Action item:
Word for word, restate the entries below and exclude every image.

Image-backed grounding data:

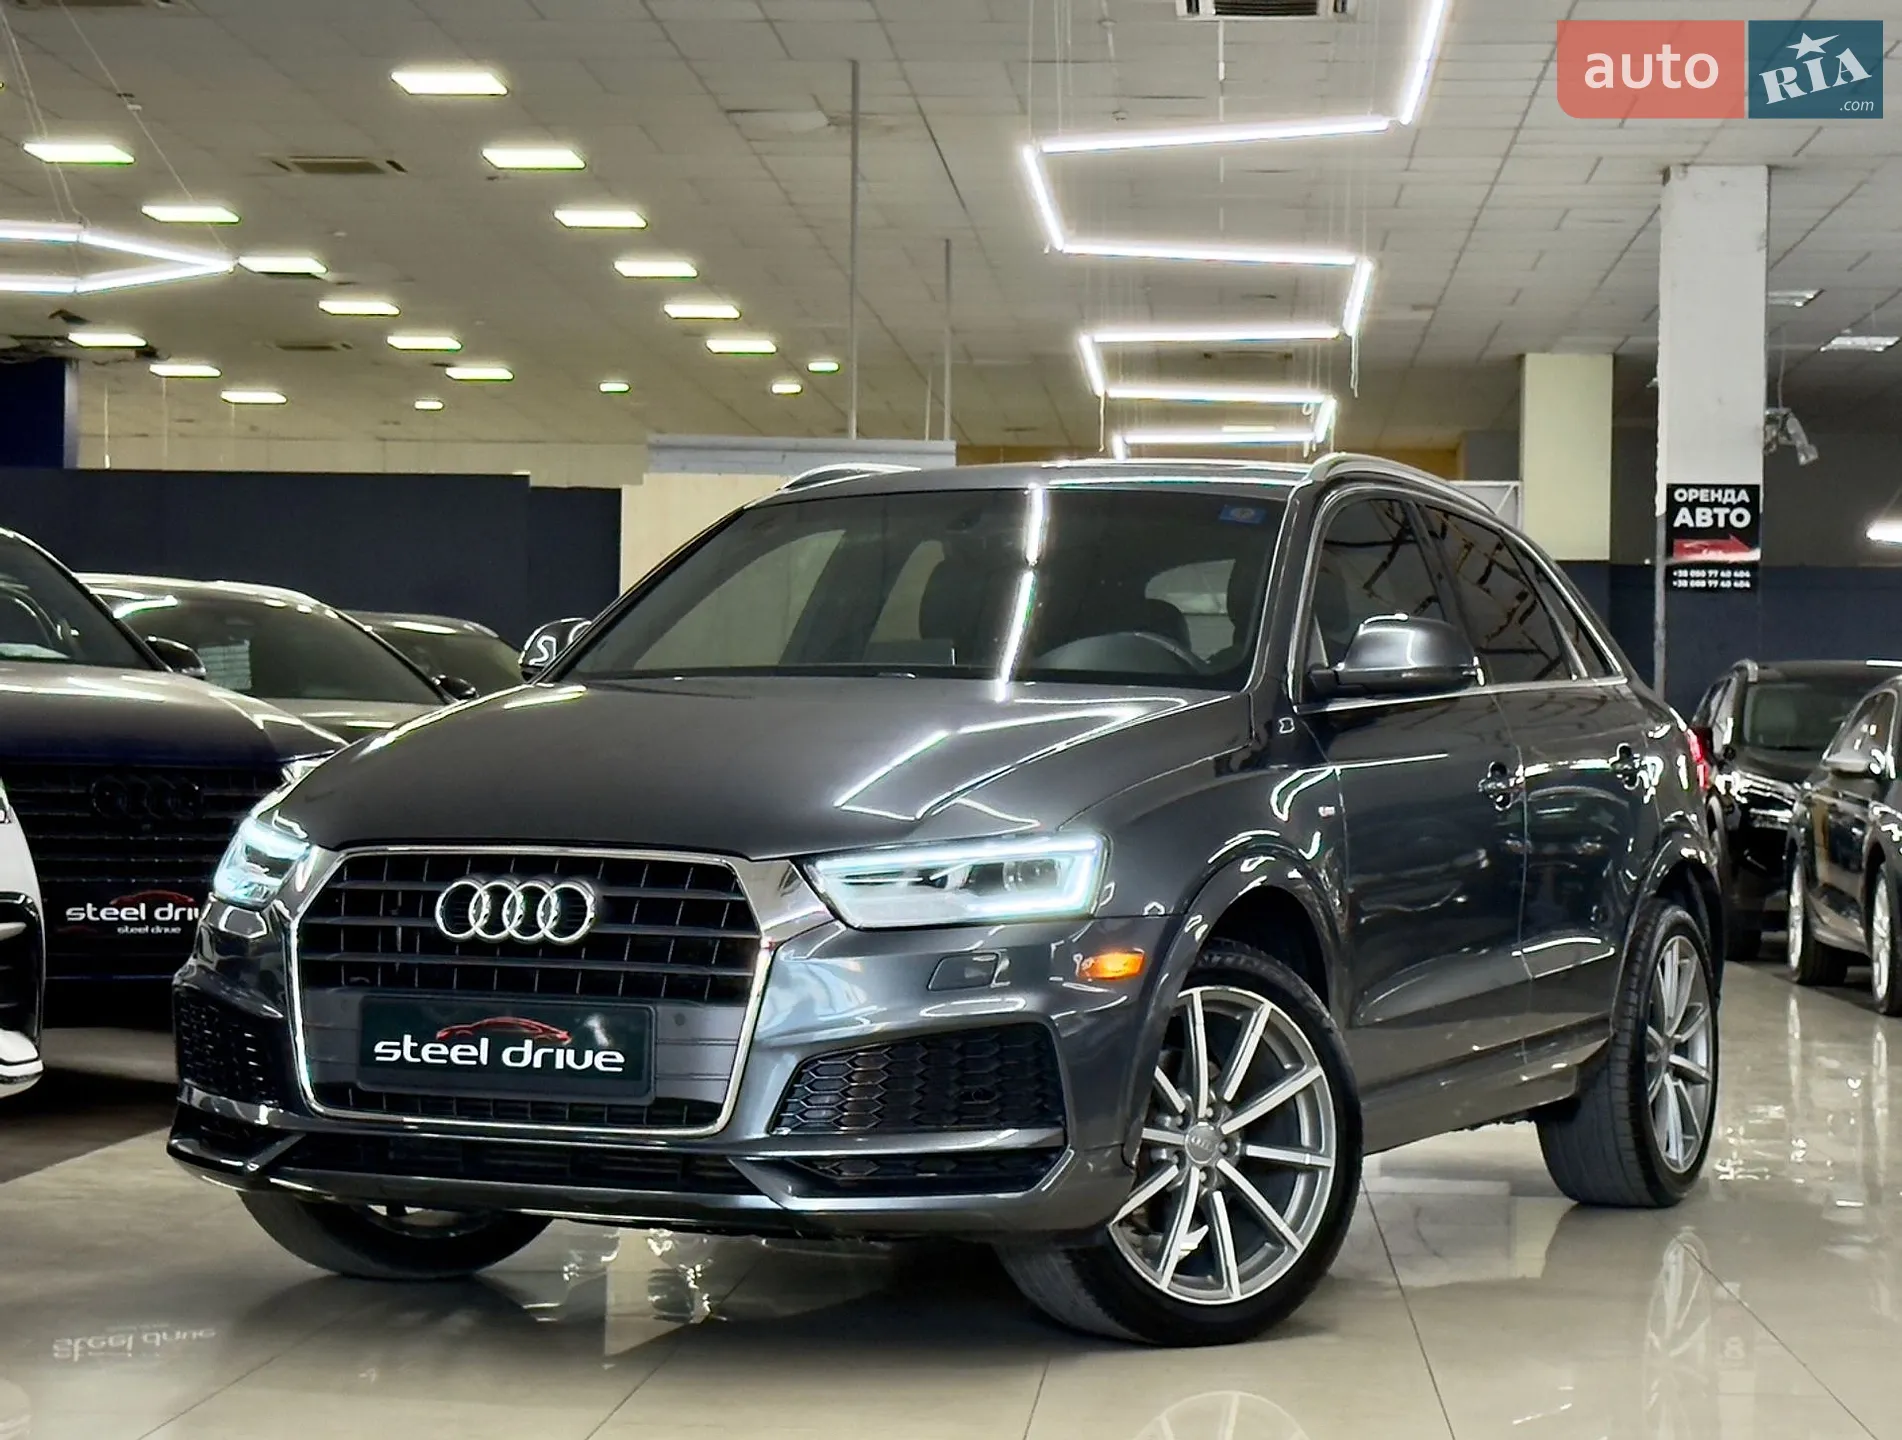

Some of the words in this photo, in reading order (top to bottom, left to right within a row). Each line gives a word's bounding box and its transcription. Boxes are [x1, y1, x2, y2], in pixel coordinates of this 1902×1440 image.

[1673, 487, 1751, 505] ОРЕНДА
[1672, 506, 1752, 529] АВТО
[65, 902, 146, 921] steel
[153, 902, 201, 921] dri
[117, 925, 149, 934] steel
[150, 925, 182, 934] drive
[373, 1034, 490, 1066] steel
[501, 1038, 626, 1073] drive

Answer to the exercise:
Some of the words in this photo, in reading order (top to bottom, left to right within a row). Each line gives a word's bounding box and its transcription. Boxes are [x1, y1, x2, y2], in pixel coordinates of this 1902×1440 image.

[1673, 487, 1751, 505] ОРЕНДА
[1672, 506, 1752, 529] АВТО
[65, 902, 146, 921] steel
[153, 902, 201, 921] dri
[117, 925, 149, 934] steel
[150, 925, 182, 934] drive
[373, 1034, 490, 1066] steel
[501, 1038, 626, 1073] drive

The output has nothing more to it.